THE RECORDS:
-.-.-
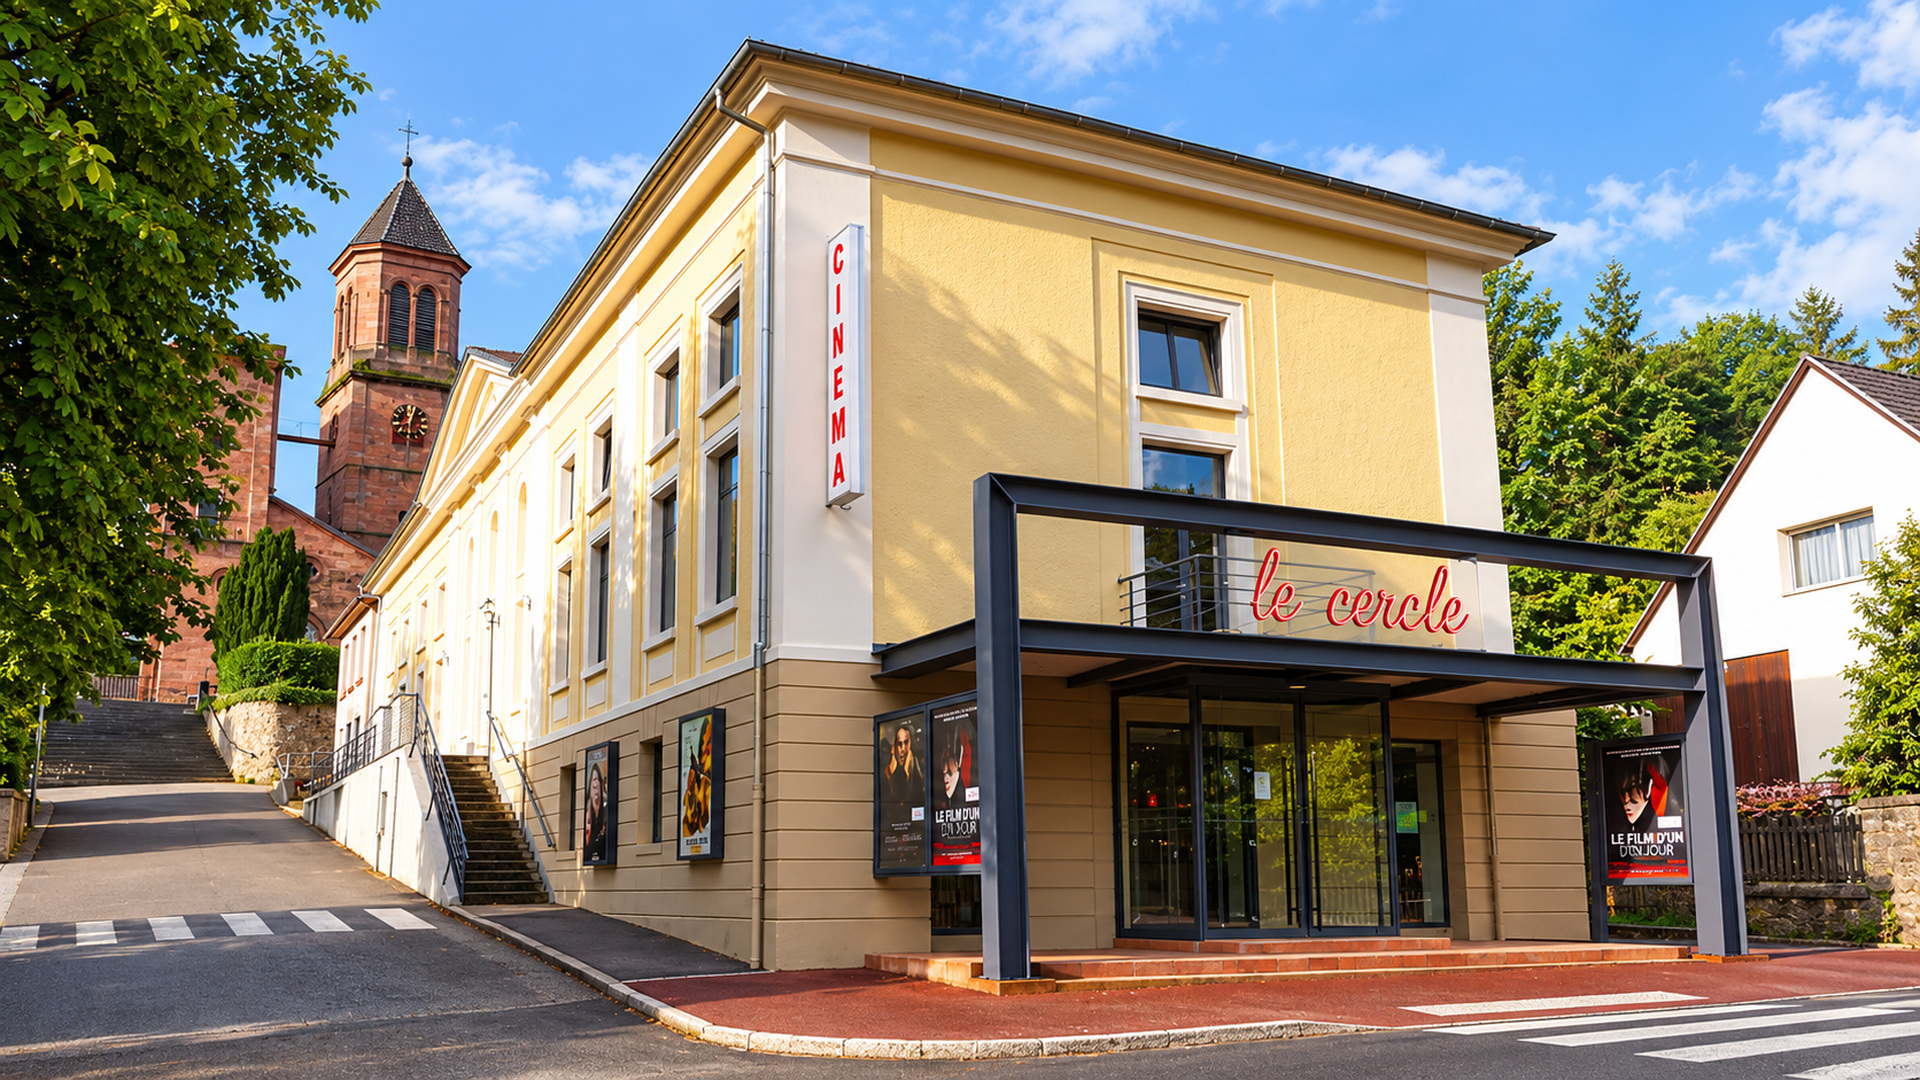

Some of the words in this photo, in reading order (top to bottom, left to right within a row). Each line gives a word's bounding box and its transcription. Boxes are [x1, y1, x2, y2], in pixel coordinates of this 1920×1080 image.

[831, 243, 846, 488] CINEMA
[1250, 547, 1304, 622] le
[1327, 565, 1469, 634] cercle
[935, 810, 945, 823] LE
[1611, 833, 1625, 845] LE
[1627, 832, 1654, 845] FILM
[1656, 831, 1684, 844] D'UN
[1643, 844, 1674, 856] JOUR
-.-.-
HOW TO COMPLETE THIS TASK:
Only the text of the listing above should be copied, exactly and with pictures left out.

OUTPUT FOR THIS TASK:
Some of the words in this photo, in reading order (top to bottom, left to right within a row). Each line gives a word's bounding box and its transcription. Boxes are [x1, y1, x2, y2], in pixel coordinates of this 1920×1080 image.

[831, 243, 846, 488] CINEMA
[1250, 547, 1304, 622] le
[1327, 565, 1469, 634] cercle
[935, 810, 945, 823] LE
[1611, 833, 1625, 845] LE
[1627, 832, 1654, 845] FILM
[1656, 831, 1684, 844] D'UN
[1643, 844, 1674, 856] JOUR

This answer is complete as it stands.